* About this exercise:
The response must consist of the records below, copied exactly.

* Task inputs:
====

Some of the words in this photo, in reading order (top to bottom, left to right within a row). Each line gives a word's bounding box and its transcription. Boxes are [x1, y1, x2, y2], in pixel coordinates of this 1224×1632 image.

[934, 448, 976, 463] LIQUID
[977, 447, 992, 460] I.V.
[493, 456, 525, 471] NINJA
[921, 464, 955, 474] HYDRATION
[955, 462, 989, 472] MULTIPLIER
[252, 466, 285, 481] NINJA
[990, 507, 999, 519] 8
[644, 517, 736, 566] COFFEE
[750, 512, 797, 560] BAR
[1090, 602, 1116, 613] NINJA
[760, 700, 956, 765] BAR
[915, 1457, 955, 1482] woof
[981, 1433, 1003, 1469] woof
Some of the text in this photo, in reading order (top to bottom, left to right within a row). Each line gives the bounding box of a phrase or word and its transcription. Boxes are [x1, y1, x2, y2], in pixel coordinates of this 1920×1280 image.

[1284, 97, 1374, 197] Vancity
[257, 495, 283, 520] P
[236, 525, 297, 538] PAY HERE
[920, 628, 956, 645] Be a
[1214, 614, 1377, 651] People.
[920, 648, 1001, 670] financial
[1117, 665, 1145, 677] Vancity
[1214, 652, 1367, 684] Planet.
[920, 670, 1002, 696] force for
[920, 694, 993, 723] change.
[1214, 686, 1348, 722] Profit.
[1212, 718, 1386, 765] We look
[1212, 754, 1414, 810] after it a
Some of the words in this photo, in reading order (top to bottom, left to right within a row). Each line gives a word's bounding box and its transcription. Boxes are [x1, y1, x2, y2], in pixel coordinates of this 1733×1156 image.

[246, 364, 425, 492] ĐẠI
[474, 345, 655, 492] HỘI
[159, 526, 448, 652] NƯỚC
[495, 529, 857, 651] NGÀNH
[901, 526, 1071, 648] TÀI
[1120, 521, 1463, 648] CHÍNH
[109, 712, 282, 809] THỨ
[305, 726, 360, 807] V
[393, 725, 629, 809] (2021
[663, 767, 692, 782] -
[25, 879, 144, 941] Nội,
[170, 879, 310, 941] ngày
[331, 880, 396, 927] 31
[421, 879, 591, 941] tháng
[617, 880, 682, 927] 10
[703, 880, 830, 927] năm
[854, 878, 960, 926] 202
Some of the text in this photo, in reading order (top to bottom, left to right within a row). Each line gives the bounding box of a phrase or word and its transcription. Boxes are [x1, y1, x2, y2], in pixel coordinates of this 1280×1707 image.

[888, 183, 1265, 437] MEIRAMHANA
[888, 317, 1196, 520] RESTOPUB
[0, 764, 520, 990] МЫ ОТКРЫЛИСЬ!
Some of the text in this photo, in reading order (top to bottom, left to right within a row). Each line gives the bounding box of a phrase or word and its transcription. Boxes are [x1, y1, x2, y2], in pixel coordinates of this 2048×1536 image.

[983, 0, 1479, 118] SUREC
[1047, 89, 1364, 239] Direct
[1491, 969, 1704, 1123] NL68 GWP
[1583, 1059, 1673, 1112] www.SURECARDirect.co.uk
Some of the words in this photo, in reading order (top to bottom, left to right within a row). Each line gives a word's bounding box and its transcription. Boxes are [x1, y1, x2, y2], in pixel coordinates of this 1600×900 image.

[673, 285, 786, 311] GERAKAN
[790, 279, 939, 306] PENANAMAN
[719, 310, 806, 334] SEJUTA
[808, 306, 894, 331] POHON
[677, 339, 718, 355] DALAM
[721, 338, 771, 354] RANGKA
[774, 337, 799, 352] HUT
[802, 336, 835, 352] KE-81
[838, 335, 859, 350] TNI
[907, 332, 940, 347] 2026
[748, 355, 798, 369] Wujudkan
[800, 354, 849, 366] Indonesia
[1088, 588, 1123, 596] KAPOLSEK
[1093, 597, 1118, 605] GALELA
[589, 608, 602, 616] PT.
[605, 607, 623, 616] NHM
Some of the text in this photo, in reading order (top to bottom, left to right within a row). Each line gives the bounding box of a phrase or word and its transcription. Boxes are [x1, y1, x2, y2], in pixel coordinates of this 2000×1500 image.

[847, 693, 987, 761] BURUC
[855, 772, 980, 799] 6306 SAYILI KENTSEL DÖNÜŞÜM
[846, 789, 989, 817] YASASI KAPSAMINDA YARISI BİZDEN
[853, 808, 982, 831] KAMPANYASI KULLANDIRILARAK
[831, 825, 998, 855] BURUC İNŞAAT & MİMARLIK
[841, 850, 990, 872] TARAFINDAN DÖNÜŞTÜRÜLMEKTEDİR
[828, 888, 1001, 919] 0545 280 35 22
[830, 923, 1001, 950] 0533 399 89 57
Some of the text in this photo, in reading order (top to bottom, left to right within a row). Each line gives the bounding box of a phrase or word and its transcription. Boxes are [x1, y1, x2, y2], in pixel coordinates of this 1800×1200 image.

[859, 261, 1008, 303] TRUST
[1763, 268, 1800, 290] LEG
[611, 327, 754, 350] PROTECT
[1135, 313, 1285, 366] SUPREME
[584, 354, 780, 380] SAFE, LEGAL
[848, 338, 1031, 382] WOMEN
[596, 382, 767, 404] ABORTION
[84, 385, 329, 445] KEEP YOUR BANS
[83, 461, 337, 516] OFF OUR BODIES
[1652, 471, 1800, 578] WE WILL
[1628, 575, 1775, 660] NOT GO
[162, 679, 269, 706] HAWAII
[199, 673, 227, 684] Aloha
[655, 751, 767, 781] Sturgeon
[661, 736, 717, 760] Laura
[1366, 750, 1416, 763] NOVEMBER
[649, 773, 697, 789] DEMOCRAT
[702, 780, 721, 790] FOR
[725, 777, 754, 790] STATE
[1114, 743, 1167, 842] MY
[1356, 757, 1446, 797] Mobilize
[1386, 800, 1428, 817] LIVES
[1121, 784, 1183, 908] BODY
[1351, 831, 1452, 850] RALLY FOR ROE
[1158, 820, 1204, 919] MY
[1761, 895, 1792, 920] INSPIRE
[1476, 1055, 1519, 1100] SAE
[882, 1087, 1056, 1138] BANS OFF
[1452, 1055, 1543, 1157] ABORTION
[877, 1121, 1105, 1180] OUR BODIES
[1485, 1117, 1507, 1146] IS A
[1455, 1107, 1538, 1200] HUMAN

====

* Answer space:
Some of the words in this photo, in reading order (top to bottom, left to right within a row). Each line gives a word's bounding box and its transcription. Boxes are [x1, y1, x2, y2], in pixel coordinates of this 1224×1632 image.

[934, 448, 976, 463] LIQUID
[977, 447, 992, 460] I.V.
[493, 456, 525, 471] NINJA
[921, 464, 955, 474] HYDRATION
[955, 462, 989, 472] MULTIPLIER
[252, 466, 285, 481] NINJA
[990, 507, 999, 519] 8
[644, 517, 736, 566] COFFEE
[750, 512, 797, 560] BAR
[1090, 602, 1116, 613] NINJA
[760, 700, 956, 765] BAR
[915, 1457, 955, 1482] woof
[981, 1433, 1003, 1469] woof
Some of the text in this photo, in reading order (top to bottom, left to right within a row). Each line gives the bounding box of a phrase or word and its transcription. Boxes are [x1, y1, x2, y2], in pixel coordinates of this 1920×1280 image.

[1284, 97, 1374, 197] Vancity
[257, 495, 283, 520] P
[236, 525, 297, 538] PAY HERE
[920, 628, 956, 645] Be a
[1214, 614, 1377, 651] People.
[920, 648, 1001, 670] financial
[1117, 665, 1145, 677] Vancity
[1214, 652, 1367, 684] Planet.
[920, 670, 1002, 696] force for
[920, 694, 993, 723] change.
[1214, 686, 1348, 722] Profit.
[1212, 718, 1386, 765] We look
[1212, 754, 1414, 810] after it a
Some of the words in this photo, in reading order (top to bottom, left to right within a row). Each line gives a word's bounding box and its transcription. Boxes are [x1, y1, x2, y2], in pixel coordinates of this 1733×1156 image.

[246, 364, 425, 492] ĐẠI
[474, 345, 655, 492] HỘI
[159, 526, 448, 652] NƯỚC
[495, 529, 857, 651] NGÀNH
[901, 526, 1071, 648] TÀI
[1120, 521, 1463, 648] CHÍNH
[109, 712, 282, 809] THỨ
[305, 726, 360, 807] V
[393, 725, 629, 809] (2021
[663, 767, 692, 782] -
[25, 879, 144, 941] Nội,
[170, 879, 310, 941] ngày
[331, 880, 396, 927] 31
[421, 879, 591, 941] tháng
[617, 880, 682, 927] 10
[703, 880, 830, 927] năm
[854, 878, 960, 926] 202
Some of the text in this photo, in reading order (top to bottom, left to right within a row). Each line gives the bounding box of a phrase or word and its transcription. Boxes are [x1, y1, x2, y2], in pixel coordinates of this 1280×1707 image.

[888, 183, 1265, 437] MEIRAMHANA
[888, 317, 1196, 520] RESTOPUB
[0, 764, 520, 990] МЫ ОТКРЫЛИСЬ!
Some of the text in this photo, in reading order (top to bottom, left to right within a row). Each line gives the bounding box of a phrase or word and its transcription. Boxes are [x1, y1, x2, y2], in pixel coordinates of this 2048×1536 image.

[983, 0, 1479, 118] SUREC
[1047, 89, 1364, 239] Direct
[1491, 969, 1704, 1123] NL68 GWP
[1583, 1059, 1673, 1112] www.SURECARDirect.co.uk
Some of the words in this photo, in reading order (top to bottom, left to right within a row). Each line gives a word's bounding box and its transcription. Boxes are [x1, y1, x2, y2], in pixel coordinates of this 1600×900 image.

[673, 285, 786, 311] GERAKAN
[790, 279, 939, 306] PENANAMAN
[719, 310, 806, 334] SEJUTA
[808, 306, 894, 331] POHON
[677, 339, 718, 355] DALAM
[721, 338, 771, 354] RANGKA
[774, 337, 799, 352] HUT
[802, 336, 835, 352] KE-81
[838, 335, 859, 350] TNI
[907, 332, 940, 347] 2026
[748, 355, 798, 369] Wujudkan
[800, 354, 849, 366] Indonesia
[1088, 588, 1123, 596] KAPOLSEK
[1093, 597, 1118, 605] GALELA
[589, 608, 602, 616] PT.
[605, 607, 623, 616] NHM
Some of the text in this photo, in reading order (top to bottom, left to right within a row). Each line gives the bounding box of a phrase or word and its transcription. Boxes are [x1, y1, x2, y2], in pixel coordinates of this 2000×1500 image.

[847, 693, 987, 761] BURUC
[855, 772, 980, 799] 6306 SAYILI KENTSEL DÖNÜŞÜM
[846, 789, 989, 817] YASASI KAPSAMINDA YARISI BİZDEN
[853, 808, 982, 831] KAMPANYASI KULLANDIRILARAK
[831, 825, 998, 855] BURUC İNŞAAT & MİMARLIK
[841, 850, 990, 872] TARAFINDAN DÖNÜŞTÜRÜLMEKTEDİR
[828, 888, 1001, 919] 0545 280 35 22
[830, 923, 1001, 950] 0533 399 89 57
Some of the text in this photo, in reading order (top to bottom, left to right within a row). Each line gives the bounding box of a phrase or word and its transcription. Boxes are [x1, y1, x2, y2], in pixel coordinates of this 1800×1200 image.

[859, 261, 1008, 303] TRUST
[1763, 268, 1800, 290] LEG
[611, 327, 754, 350] PROTECT
[1135, 313, 1285, 366] SUPREME
[584, 354, 780, 380] SAFE, LEGAL
[848, 338, 1031, 382] WOMEN
[596, 382, 767, 404] ABORTION
[84, 385, 329, 445] KEEP YOUR BANS
[83, 461, 337, 516] OFF OUR BODIES
[1652, 471, 1800, 578] WE WILL
[1628, 575, 1775, 660] NOT GO
[162, 679, 269, 706] HAWAII
[199, 673, 227, 684] Aloha
[655, 751, 767, 781] Sturgeon
[661, 736, 717, 760] Laura
[1366, 750, 1416, 763] NOVEMBER
[649, 773, 697, 789] DEMOCRAT
[702, 780, 721, 790] FOR
[725, 777, 754, 790] STATE
[1114, 743, 1167, 842] MY
[1356, 757, 1446, 797] Mobilize
[1386, 800, 1428, 817] LIVES
[1121, 784, 1183, 908] BODY
[1351, 831, 1452, 850] RALLY FOR ROE
[1158, 820, 1204, 919] MY
[1761, 895, 1792, 920] INSPIRE
[1476, 1055, 1519, 1100] SAE
[882, 1087, 1056, 1138] BANS OFF
[1452, 1055, 1543, 1157] ABORTION
[877, 1121, 1105, 1180] OUR BODIES
[1485, 1117, 1507, 1146] IS A
[1455, 1107, 1538, 1200] HUMAN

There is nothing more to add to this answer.